Nuclear magnetic resonance (NMR) devices, which analyze the molecular structure and physical properties of materials, are used across various fields such as life science, food, and materials science. Larger magnetic fields provide higher measurement performance, and global research and development have become even more intense since the development of NMR systems with frequencies exceeding one gigahertz (Giga = billion; GHz) in 2015. However, the magnets required to generate these magnetic fields are large and expensive and consume large amounts of liquid helium, a rare resource. These limitations mean only a limited number of institutions have been able to introduce this technology.
Yoshinori Yanagisawa, Unit Leader at the RIKEN Center for Biosystems Dynamics Research, and his colleagues have succeeded in developing the world's lightest and most compact NMR system. It provides frequencies that exceed 1 GHz with a weight one-tenth that of conventional systems. Specifically, the team has succeeded in increasing the current density of the high-temperature superconducting coils inside the magnet by a factor of 1.5 and the magnetic field sharing by more than 50% to concentrate a large current in a small space. These conditions would mean electromagnetic forces equivalent to a total weight of more than 100 tons are applied to the center of the high-temperature superconducting coil, which would normally cause it to break. The team, therefore, developed a new technology for winding high-temperature superconducting wires reinforced with high-strength metal in a closely aligned manner. It also confirmed that no additional liquid helium was needed during two months of operations.

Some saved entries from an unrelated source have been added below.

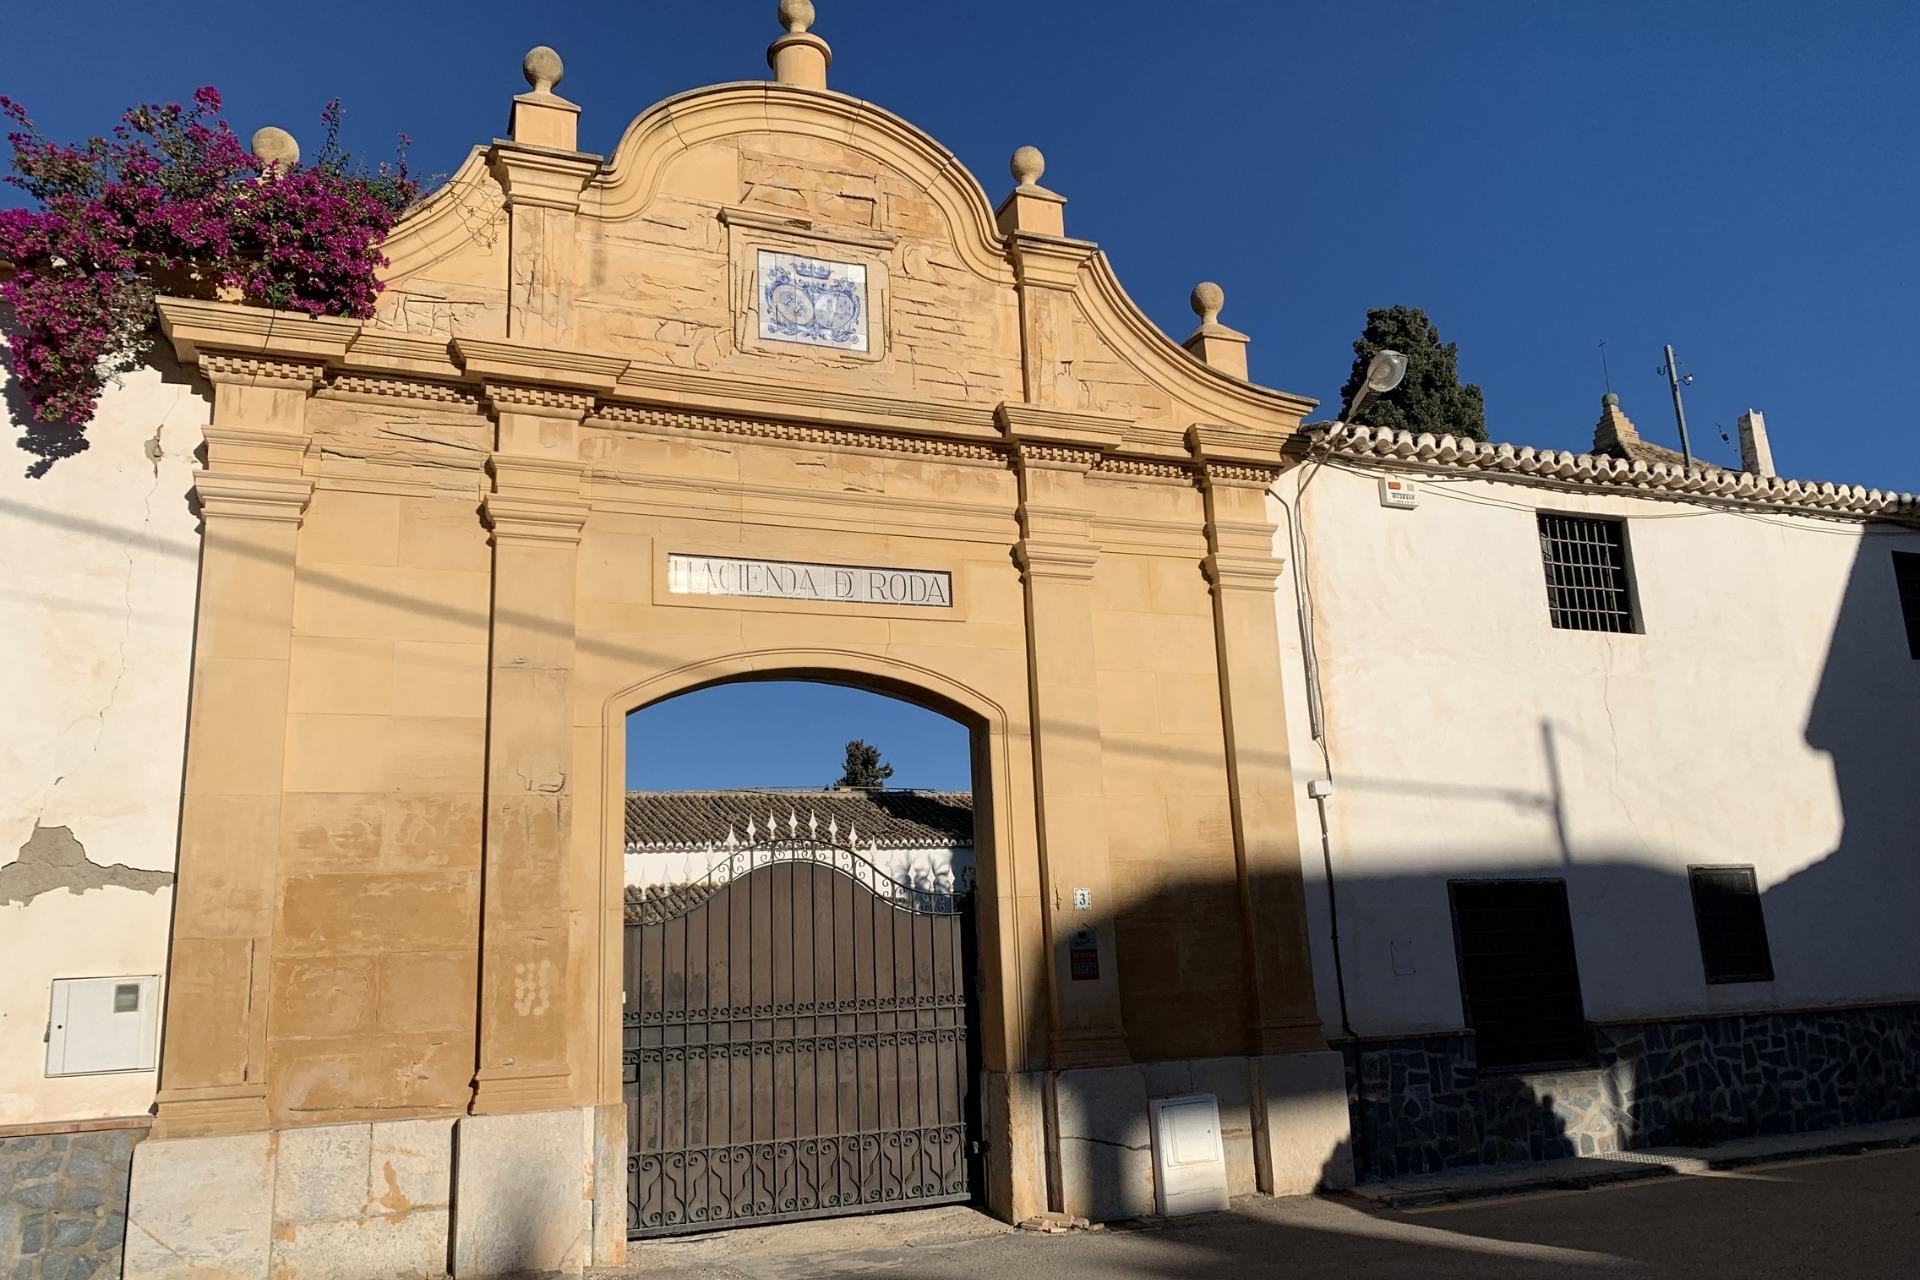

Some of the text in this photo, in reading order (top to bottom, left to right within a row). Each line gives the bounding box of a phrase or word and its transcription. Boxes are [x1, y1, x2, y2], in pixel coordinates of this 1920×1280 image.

[673, 560, 819, 597] HACIENDA
[869, 572, 946, 603] RODA
[1079, 893, 1086, 905] 3
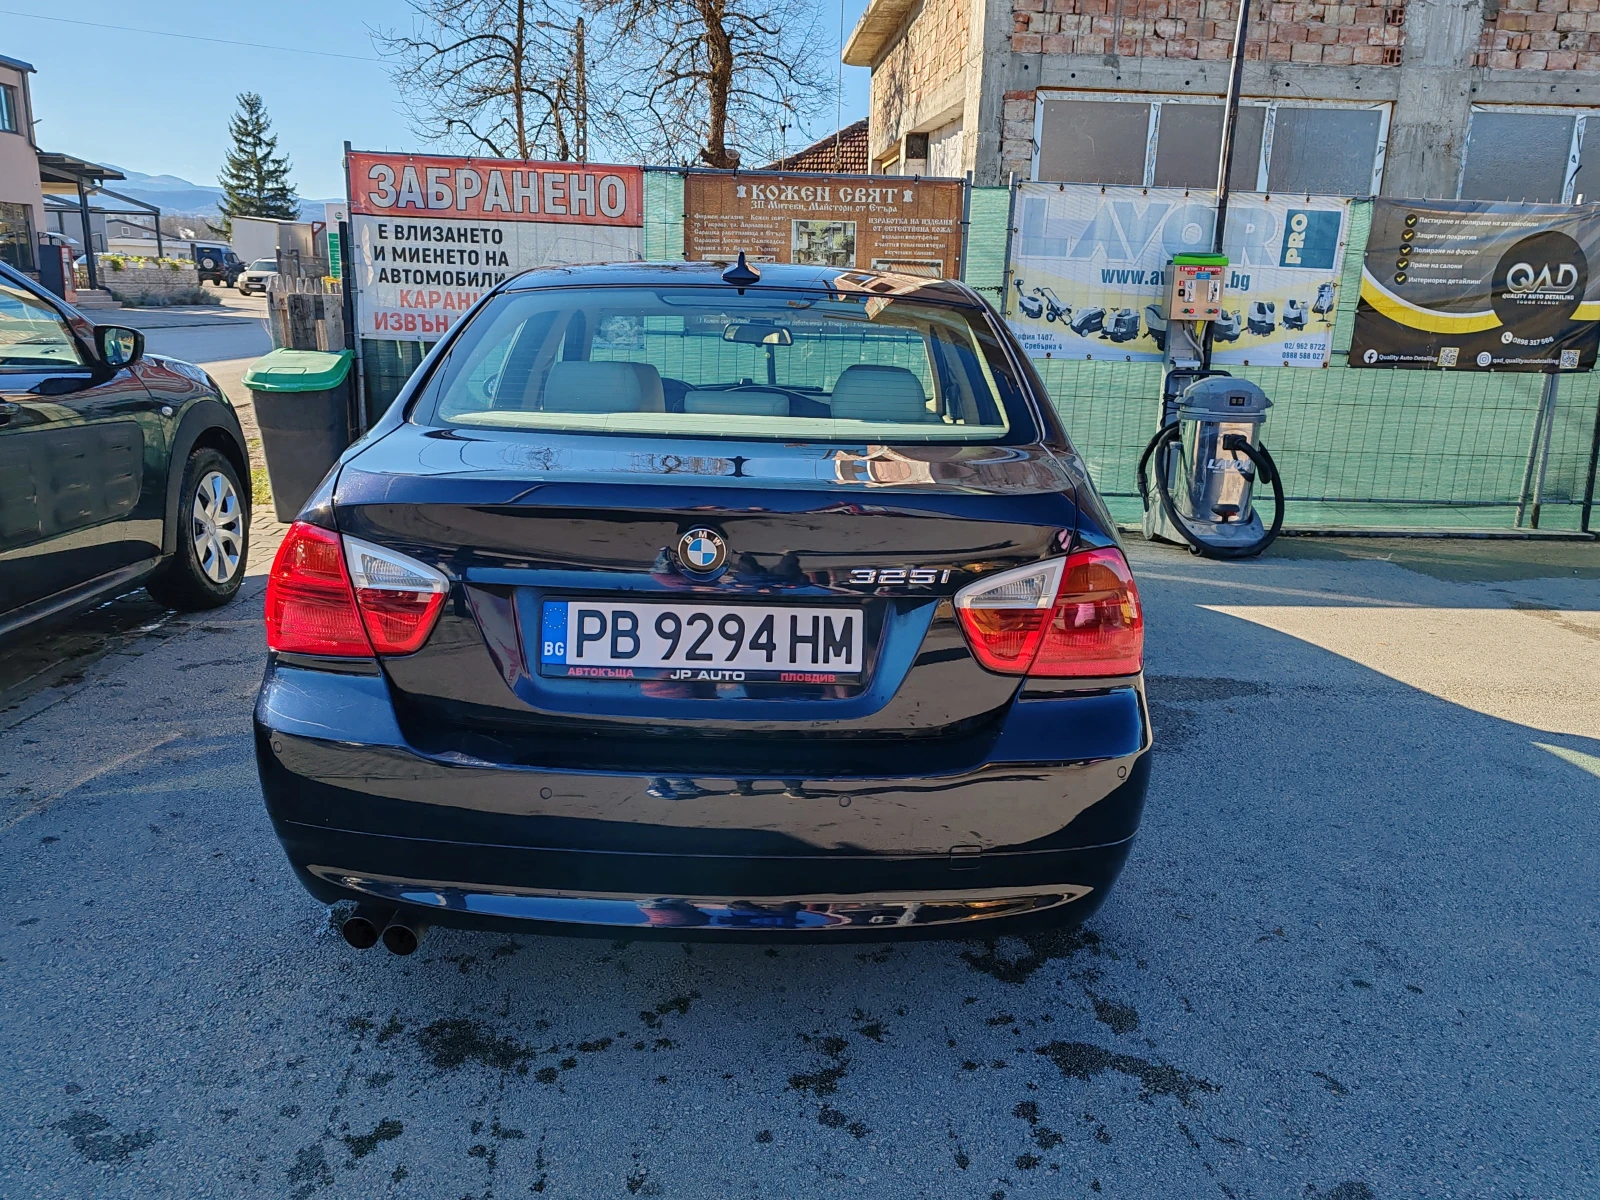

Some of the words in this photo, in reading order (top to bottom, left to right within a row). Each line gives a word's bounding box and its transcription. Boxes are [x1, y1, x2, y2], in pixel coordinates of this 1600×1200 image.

[368, 163, 626, 218] ЗАБРАНЕНО
[751, 185, 830, 201] КОЖЕН
[839, 187, 898, 203] СВЯТ
[378, 223, 388, 240] Е
[394, 225, 503, 245] ВЛИЗАНЕТО
[1285, 213, 1308, 265] PRO
[374, 245, 386, 261] И
[392, 246, 480, 266] МИЕНЕТО
[485, 249, 509, 267] НА
[1414, 246, 1446, 255] Полиране
[1410, 262, 1430, 270] Пране
[378, 267, 506, 288] АВТОМОБИЛИ
[1408, 276, 1447, 284] Интериорен
[1506, 262, 1578, 294] QAD
[374, 312, 448, 333] ИЗВЪН
[684, 530, 722, 547] BMW
[849, 569, 951, 584] 325i
[575, 609, 641, 660] PB
[654, 611, 776, 663] 9294
[788, 614, 853, 665] HM
[543, 641, 565, 656] BG
[568, 667, 634, 678] АВТОКЪЩА
[670, 670, 693, 681] JP
[698, 670, 745, 682] AUTO
[780, 672, 836, 683] ПЛОВДИВ

The team aims to develop an NMR system with the world's highest magnetic field of 1.3 GHz by combining technologies such as high-temperature superconducting joints and persistent currents, which it is also developing in parallel. It is also working on the structural analysis of ultra-microscale samples related to Alzheimer's disease using the NMR system it has developed, hoping to make progress with these kinds of advanced research projects.